Cristina PazóA pesquisa empregou a abordagem da Teoria Geral do Controle de Constitucionalidade, no esforço de aproximar o Direito Civil do Direito Constitucional, conta a professora Cristina. Trata-se de um dos mecanismos mais importantes do ordenamento juridico brasileiro, garantidor da conformidade de atos normativos, como leis e decretos, com a Constituição Federal de 1988. A TGCC é um instrumento relevante para fiscalizar legislações civis que, por vezes, podem extrapolar os limites constitucionais. Na grade curricular do curso de Direito, explica Cristina, o controle de constitucionalidade é amplamente discutido nas disciplinas de Direito Constitucional, abordando suas diferentes manifestações e aplicações.

“Em nosso estudo, utilizamos a Teoria Geral do Controle de Constitucionalidade (TGCC) para aproximar o Direito Civil do Direito Constitucional. Assim, estabelecemos premissas epistemológicas para analisar a compatibilidade de normas dicotômicas e hierarquizadas, com a Constituição no topo. Vemos um potencial inovador nesse tipo de abordagem: outros estudos podem submeter leis civis, de diversos assuntos, ao crivo da TGCC para avaliar sua constitucionalidade. Esse investimento pode não só colaborar com a garantia de direitos fundamentais nas relações privadas, mas também com o aprimoramento da teoria geral do direito privado”, afirma a professora Cristina, que aponta ainda que essa análise aprofundada pode revelar lacunas importantes em leis e políticas públicas, contribuindo para seu aperfeiçoamento.

Continuidade dos estudos


O artigo assinado por Diego e a professora Cristina, resultado de pesquisa de Iniciação Científica (IC) deu as bases para ele obter uma vaga no Mestrado no Programa de Pós-Graduação em Direito da Universidade Federal de Minas Gerais (UFMG).
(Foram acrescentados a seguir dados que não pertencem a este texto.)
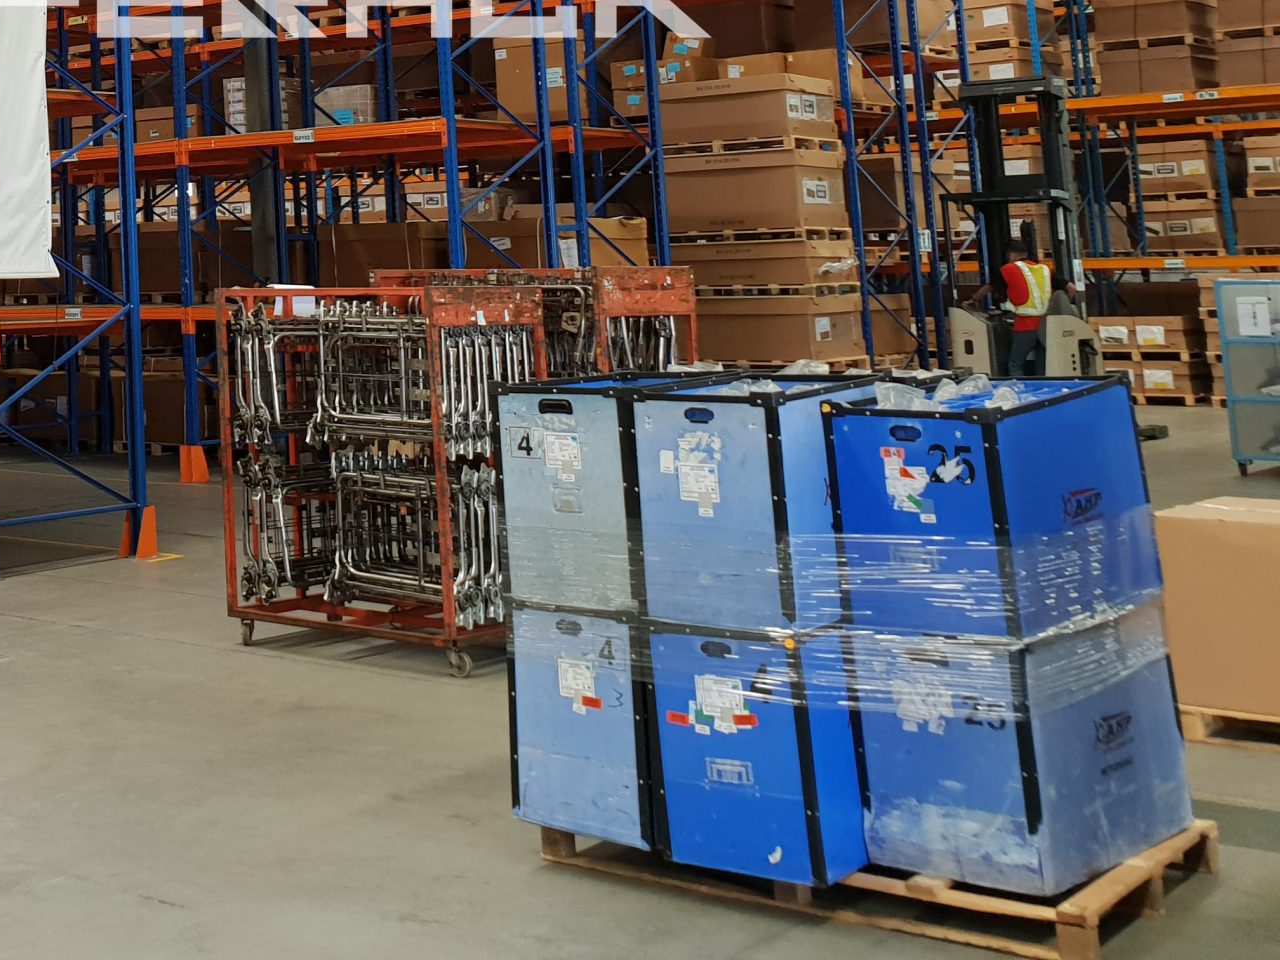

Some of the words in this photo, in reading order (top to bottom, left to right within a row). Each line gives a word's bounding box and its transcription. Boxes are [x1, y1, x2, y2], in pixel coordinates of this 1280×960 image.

O tema de estudo mudou, com a solidez conferida pelo percurso na IC para a pesquisa em Direito. No mestrado, Diego está pesquisando a Lei 14.611/2023, a Lei de Igualdade Salarial e de Critérios Remuneratórios, que se relaciona mais com o Direito do Trabalho do que com o Direito Civil.

O pesquisador egresso da UFSB conta que essa mudança, além de atender interesse intelectual antigo sobre estudos de gênero, trabalho e desigualdade, se liga à necessidade particular de mudar o foco de pesquisa com regularidade. Ele contou com a orientação da professora Cristina Pazó na realização do seu Trabalho de Conclusão de Curso (TCC): “Inicialmente, o tema era o superendividamento de mulheres, mas depois acabou se tornando a Lei de Igualdade Salarial. Costumávamos brincar bastante com minhas mudanças e constantes inquietações. Afora isso, sinto que é inegável que minha imersão na pesquisa científica na UFSB, sob a orientação da professora Cristina na IC e no TCC, foi essencial para meu amadurecimento e desenvolvimento intelectual. Aprimorei bastante o emprego de técnicas e métodos de pesquisa, coleta e análise de dados, além da seleção de bibliografias pertinentes para reflexões jurídicas tanto de forma técnica (dogmática) quanto crítica (zetética). Sem esse aprendizado, com o grande zelo da Cris, a aprovação no Mestrado de excelência da UFMG jamais teria sido possível”, conclui.

A professora Cristina Pazó têm se dedicado intensamente aos estudos críticos do direito civil e do consumidor. Nesse sentido, desenvolve três projetos de pesquisa com foco em dívidas e vulnerabilidades sociais:

1 – O superendividamento de mulheres no contexto da geração sanduíche
2 – A dívida de mulheres e os marcadores sociais da diferença
3 – A vulnerabilidade do consumidor idoso frente à oferta de crédito consignado no Brasil atual

Além desses, ela também está à frente de um projeto de pesquisa que contextualiza a responsabilidade civil e as mídias digitais, intitulado TikTok e o Discurso de Ódio: Desafios entre Liberdade de Expressão e a Proteção da Dignidade.